The winner: no one

November 25, 1991

If you ask a True Believer in Ronald Reagan what his greatest accomplishment was, most -- including Reagan himself -- will likely say, "he won the Cold War." As we survey the wreckage that was once the mighty Soviet Union, abjectly promising to pursue the principles of free-market democracy as the price of enough food to get through the bitter Russian winter, the claim takes on a superficial plausibility.

From the vantage point of a 10-year perspective on the Reagan years, it is hardly deniable that this failed movie actor's policies did indeed hasten the demise of the Soviet Union. Reagan did this essentially by engineering one final Herculean surge in the deadly 40-year marathon that was called the arms race. In retrospect, it is clear that Reagan's entire policy was to show the Soviets that America could spend the Russians into ruin.

Yes, the strategy succeeded, but it must be rated a miracle that it succeeded without an exchange of the awesome weapons that arms race finally produced. To be sure, Reagan's partisans solemnly contend that it was "Star Wars" which finally forced the Soviets to give up. But that contention is palpable nonsense. If Mikhail Gorbachev has been of the same mentality as his predecessors, Stalin and Brezhnev, the response to "Star Wars" would not have been negotiation but rather ultimatum: A single step toward deploying "Star Wars" would be regarded as an aggressive act in violation of solemn treaty commitments and would call for the appropriate response -- including a nuclear strike if necessary. Such a step would have resulted in the destruction of both nations, and conceivably all life on the planet as well.
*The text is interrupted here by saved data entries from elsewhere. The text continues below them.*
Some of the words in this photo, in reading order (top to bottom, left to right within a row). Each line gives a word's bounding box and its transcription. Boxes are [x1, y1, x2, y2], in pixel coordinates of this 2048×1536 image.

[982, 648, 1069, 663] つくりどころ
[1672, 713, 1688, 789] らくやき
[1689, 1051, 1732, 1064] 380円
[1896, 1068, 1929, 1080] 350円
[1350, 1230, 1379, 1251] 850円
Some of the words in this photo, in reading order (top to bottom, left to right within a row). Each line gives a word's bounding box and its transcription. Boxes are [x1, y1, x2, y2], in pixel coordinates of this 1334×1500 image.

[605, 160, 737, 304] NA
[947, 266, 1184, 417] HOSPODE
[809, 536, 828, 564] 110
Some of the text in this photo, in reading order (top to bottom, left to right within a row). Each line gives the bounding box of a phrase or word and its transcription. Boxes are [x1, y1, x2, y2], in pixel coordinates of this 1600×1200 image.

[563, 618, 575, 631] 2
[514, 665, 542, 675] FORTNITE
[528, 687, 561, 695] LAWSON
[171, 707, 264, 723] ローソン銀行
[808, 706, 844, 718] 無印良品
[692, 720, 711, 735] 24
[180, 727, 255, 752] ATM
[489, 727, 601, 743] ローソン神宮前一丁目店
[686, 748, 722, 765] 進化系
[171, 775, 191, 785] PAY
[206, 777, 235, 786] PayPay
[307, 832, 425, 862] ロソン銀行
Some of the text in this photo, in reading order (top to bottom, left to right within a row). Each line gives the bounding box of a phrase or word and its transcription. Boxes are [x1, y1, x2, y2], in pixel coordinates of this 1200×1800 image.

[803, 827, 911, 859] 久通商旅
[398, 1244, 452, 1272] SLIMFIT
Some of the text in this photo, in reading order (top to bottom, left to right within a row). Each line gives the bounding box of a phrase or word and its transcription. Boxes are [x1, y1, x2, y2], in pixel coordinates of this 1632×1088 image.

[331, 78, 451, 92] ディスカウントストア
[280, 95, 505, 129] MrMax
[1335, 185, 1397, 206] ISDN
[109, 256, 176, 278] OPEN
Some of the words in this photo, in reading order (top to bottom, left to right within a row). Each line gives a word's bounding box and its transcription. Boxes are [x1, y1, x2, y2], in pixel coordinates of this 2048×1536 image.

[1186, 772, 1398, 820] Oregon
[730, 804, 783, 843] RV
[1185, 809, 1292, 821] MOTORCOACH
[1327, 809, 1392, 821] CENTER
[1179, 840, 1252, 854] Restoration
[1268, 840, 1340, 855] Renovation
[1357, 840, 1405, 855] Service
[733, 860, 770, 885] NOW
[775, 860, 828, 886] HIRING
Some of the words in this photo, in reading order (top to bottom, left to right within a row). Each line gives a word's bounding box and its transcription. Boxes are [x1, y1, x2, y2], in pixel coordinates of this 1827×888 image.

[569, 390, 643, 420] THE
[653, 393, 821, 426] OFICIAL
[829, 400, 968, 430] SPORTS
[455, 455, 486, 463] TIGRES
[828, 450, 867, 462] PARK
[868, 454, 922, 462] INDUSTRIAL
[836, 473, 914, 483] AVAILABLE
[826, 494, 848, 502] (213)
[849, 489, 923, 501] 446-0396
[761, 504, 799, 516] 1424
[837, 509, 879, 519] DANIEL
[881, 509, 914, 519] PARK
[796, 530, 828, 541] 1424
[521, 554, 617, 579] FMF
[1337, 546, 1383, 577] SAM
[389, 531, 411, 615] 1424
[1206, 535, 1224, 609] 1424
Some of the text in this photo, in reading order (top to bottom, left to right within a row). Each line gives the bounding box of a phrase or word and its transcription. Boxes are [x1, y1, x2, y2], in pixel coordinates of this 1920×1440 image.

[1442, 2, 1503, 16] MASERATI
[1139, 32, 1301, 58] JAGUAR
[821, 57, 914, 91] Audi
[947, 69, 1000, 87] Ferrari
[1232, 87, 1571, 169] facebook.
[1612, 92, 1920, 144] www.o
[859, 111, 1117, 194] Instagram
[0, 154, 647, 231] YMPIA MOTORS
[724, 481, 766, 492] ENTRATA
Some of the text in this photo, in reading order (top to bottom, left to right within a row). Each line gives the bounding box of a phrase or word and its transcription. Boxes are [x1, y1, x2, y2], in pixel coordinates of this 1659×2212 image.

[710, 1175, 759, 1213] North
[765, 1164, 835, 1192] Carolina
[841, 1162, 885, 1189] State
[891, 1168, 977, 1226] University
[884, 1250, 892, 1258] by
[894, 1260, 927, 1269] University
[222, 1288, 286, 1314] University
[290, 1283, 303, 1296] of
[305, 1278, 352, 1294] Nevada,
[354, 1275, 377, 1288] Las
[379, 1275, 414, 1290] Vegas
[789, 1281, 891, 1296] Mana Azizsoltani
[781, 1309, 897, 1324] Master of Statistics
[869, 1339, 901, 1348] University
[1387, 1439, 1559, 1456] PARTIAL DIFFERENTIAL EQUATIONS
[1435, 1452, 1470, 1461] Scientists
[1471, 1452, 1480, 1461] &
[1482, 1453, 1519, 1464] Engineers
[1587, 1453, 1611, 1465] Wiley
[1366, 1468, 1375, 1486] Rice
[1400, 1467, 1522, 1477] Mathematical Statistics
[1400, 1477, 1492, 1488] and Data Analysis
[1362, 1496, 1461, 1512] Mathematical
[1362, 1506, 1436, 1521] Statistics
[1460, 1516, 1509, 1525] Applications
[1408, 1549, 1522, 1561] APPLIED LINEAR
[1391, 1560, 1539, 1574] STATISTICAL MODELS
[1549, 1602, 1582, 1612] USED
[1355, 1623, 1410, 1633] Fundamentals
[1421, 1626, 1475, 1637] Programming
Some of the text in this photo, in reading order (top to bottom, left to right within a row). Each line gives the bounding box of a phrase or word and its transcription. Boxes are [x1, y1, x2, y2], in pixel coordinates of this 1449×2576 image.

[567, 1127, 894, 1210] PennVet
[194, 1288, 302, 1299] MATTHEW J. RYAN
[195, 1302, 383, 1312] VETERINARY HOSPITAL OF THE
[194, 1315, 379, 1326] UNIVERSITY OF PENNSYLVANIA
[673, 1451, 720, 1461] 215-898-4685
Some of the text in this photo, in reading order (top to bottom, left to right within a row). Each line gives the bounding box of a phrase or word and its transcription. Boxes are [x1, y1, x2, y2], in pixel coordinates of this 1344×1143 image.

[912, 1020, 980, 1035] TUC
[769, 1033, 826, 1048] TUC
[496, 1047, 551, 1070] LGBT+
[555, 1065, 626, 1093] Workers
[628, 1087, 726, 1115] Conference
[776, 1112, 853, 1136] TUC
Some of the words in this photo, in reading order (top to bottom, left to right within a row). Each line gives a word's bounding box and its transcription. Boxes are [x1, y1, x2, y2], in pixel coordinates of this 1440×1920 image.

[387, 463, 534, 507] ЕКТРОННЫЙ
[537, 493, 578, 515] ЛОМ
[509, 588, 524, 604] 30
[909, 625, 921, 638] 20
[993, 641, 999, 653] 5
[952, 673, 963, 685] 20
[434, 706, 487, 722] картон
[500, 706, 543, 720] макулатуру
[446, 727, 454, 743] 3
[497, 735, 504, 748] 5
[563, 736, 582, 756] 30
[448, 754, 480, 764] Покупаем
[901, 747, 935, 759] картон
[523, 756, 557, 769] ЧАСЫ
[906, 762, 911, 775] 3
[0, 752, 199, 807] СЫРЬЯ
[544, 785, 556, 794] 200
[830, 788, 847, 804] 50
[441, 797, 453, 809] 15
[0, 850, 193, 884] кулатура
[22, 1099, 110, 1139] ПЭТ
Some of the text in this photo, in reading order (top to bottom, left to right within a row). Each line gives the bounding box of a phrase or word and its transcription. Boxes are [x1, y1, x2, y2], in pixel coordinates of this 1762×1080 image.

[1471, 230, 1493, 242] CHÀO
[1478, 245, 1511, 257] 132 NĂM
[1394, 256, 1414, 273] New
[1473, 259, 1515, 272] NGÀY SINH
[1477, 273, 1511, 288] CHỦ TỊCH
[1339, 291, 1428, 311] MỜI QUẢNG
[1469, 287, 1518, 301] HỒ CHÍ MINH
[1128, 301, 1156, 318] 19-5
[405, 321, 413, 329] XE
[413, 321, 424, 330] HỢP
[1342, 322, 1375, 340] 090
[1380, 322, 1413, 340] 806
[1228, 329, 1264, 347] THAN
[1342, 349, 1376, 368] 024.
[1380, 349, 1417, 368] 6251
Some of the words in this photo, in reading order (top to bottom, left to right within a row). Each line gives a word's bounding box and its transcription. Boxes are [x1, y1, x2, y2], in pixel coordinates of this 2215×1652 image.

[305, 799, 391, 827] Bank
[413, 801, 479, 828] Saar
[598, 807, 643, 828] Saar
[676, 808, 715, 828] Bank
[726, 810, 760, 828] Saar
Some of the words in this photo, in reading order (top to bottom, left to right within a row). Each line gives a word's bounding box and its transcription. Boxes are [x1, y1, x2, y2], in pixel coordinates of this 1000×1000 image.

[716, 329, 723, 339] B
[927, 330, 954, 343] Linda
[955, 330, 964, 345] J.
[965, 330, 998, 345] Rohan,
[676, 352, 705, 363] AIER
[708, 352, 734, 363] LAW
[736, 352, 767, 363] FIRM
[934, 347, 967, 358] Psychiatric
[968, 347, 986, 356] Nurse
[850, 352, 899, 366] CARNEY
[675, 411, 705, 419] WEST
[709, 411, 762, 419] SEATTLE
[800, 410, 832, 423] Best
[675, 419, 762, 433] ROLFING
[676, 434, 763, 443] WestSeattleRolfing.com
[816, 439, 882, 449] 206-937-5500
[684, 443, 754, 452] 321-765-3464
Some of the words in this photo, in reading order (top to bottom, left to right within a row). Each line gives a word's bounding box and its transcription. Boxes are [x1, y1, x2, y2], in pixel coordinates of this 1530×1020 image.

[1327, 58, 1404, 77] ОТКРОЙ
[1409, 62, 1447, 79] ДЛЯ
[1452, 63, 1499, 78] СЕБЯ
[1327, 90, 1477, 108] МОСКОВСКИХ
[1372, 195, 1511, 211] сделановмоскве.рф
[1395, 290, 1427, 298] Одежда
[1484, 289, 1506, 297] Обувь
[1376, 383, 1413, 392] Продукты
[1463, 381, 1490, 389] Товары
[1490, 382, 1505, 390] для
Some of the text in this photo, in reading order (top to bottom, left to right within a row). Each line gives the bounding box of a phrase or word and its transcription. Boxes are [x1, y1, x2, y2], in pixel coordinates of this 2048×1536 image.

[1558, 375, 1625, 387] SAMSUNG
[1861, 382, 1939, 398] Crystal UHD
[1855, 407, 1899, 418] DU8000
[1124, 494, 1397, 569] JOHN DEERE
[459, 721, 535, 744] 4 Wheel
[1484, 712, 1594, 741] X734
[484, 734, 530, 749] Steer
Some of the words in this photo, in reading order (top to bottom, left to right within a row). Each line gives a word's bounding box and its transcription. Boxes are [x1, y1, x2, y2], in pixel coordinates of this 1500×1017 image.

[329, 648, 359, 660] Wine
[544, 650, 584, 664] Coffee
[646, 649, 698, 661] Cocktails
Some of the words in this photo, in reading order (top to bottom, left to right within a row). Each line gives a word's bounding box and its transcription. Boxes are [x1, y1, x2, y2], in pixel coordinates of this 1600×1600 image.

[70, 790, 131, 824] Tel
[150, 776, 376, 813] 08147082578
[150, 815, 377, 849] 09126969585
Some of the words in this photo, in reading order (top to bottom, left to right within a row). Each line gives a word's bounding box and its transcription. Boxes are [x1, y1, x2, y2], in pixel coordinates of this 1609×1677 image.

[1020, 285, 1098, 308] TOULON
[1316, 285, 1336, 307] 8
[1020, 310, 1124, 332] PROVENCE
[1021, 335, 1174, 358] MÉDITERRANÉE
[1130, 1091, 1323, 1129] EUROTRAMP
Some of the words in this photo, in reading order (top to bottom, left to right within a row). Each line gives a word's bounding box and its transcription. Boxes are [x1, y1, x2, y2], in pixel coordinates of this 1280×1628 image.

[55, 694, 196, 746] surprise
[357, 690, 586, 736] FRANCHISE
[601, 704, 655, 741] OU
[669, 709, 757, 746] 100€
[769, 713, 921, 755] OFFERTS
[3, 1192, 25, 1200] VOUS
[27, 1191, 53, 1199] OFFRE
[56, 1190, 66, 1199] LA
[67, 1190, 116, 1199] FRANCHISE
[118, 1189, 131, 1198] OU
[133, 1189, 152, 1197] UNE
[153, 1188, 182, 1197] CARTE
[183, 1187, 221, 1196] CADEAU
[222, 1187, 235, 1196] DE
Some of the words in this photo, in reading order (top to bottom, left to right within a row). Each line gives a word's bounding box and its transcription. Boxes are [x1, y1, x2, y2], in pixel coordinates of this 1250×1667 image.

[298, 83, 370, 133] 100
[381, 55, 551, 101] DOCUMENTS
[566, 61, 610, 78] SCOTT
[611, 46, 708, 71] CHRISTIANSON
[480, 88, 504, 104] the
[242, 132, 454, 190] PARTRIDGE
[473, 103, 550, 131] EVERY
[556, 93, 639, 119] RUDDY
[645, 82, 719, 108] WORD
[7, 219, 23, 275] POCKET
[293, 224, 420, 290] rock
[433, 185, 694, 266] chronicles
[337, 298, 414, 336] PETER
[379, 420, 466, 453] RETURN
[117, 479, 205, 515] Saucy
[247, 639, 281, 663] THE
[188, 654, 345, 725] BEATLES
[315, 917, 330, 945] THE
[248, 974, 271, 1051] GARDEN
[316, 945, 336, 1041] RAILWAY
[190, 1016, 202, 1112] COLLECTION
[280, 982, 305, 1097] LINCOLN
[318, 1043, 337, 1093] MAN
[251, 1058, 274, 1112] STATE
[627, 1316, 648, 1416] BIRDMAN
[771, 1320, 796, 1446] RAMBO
But, Reagan partisans contend, the proof is in the pudding: Gorbachev did capitulate, so "we won." That, too, is palpably nonsensical. Rather, what we did in the final sprint of the Cold War -- a sprint which could have been avoided with a little patience -- was to spend ourselves into a staggering debt which will remain with us as far as the eye can see. In the aftermath of the Cold War we are unable to extend any meaningful assistance to the long-suffering Soviet people who, by our own claim, have been enslaved for 70 years. It is the ironic measure of our own bankruptcy that we were barely able to scratch up $500 million to help the Soviet Union destroy the very weapons which we spent trillions to defend against. As for assistance to prevent the Soviet Union from falling back into the dark night of dictatorship, we can offer almost nothing; we can only hope that the Japanese and the Europeans, whose robust economies are unencumbered by the toll of spending trillions of dollars over the years to "win" the Cold War, will come to the rescue.

No one would argue that this country is anywhere near the economic calamity that confronts the Soviet Union as winter draws closer. But who can deny that the Reagan/Bush debt of $4 trillion is a major factor in the growing hardship Americans confront? Granted, there is no direct connection between that and the closing of libraries and firehouses in Baltimore or the layoffs of professors at state universities in Maryland. But when citizens must shell out a 30 percent surcharge on their federal income tax for interest alone, is it any wonder they have nothing left to pay for state and municipal services?

So who won the Cold War? The only answer is, no one did. We both lost. The only difference is the Soviets have the candor to say so; so far we do not.